2.6. Compliance with the medication regimens

Compliance was assessed on a nightly basis for each individual subject. This was accomplished in two ways. First (as noted earlier in the study overview), the AM sleep diary contained a question regarding whether or not study medication was taken on the previous night. Second, the foil pack containers were retained for all subjects and each night was coded for whether the pill had been removed from the packet. The foil pack data were used as a backup for the instances where subjects had not indicated on the AM diaries whether medication had been used.

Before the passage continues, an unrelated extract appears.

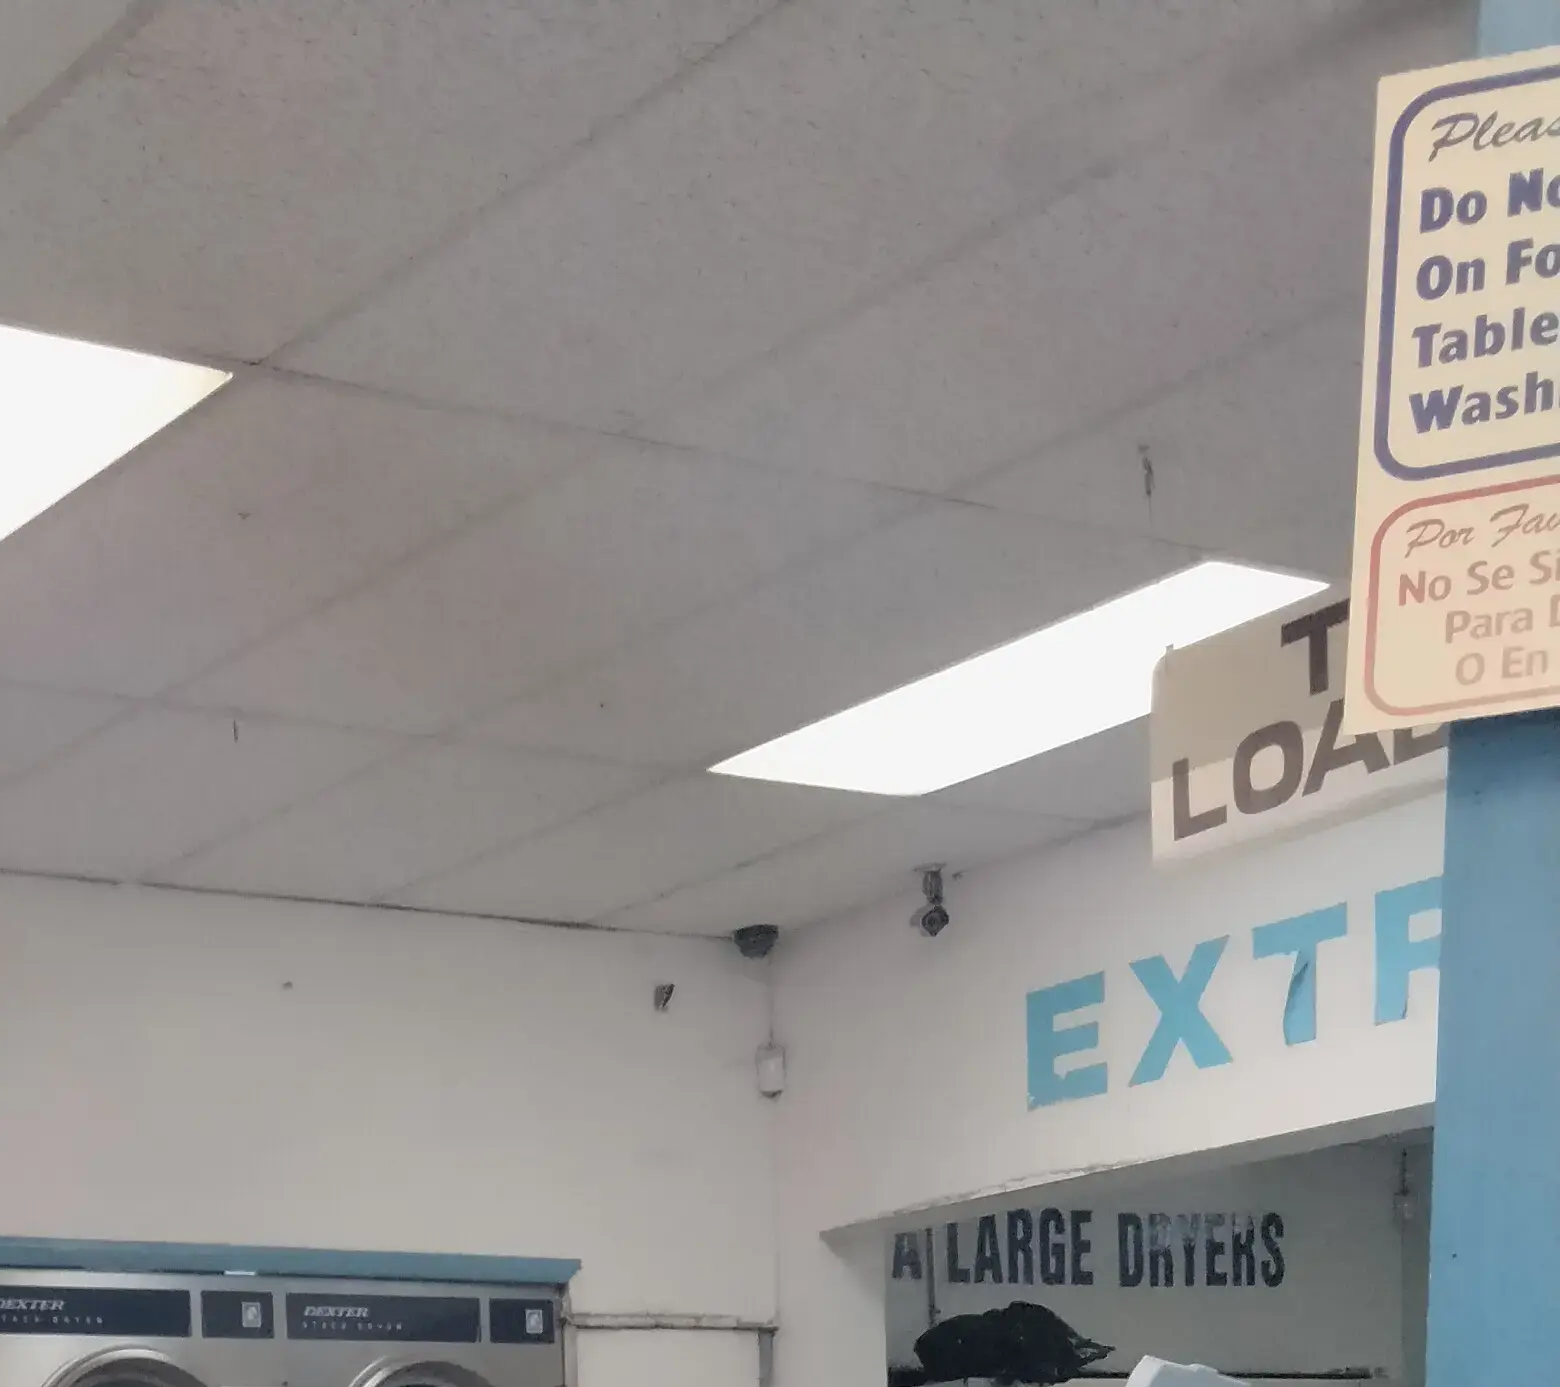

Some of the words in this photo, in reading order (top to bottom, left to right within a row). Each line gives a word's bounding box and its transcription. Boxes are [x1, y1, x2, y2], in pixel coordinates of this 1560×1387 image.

Taken together, these data were used to tabulate the number of pills taken per week and percent compliance per month. Operationally, compliance for Phase 3 for the nightly dosing and partial reinforcement groups (QHS-10, QHS-5, or PRS-10) was an average weekly pill use that was between six and seven pills per week/month. Thus, the threshold for compliance was (for the whole of Phase 3) no less than one pill fewer than prescribed per week. Operationally, compliance for Phase 3 for the intermittent dosing group (IDS-10) was an average weekly pill use that was between three and six pills per week/month. Thus, the threshold for compliance was (for the whole of Phase 3) no more than one additional pill than prescribed per week. These compliance rules were used to aggregate the set of subjects for whom efficacy would be reported. The rationale for this strategy was that low adherence can, in and of itself, account for the outcomes (relapse, latency to relapse, and poor sleep continuity effects) and mask the efficacy that may, or may not, be attributed to each of the maintenance treatment approaches. Thus, as a proof of concept, the efficacy analyses are only reported for compliant subjects.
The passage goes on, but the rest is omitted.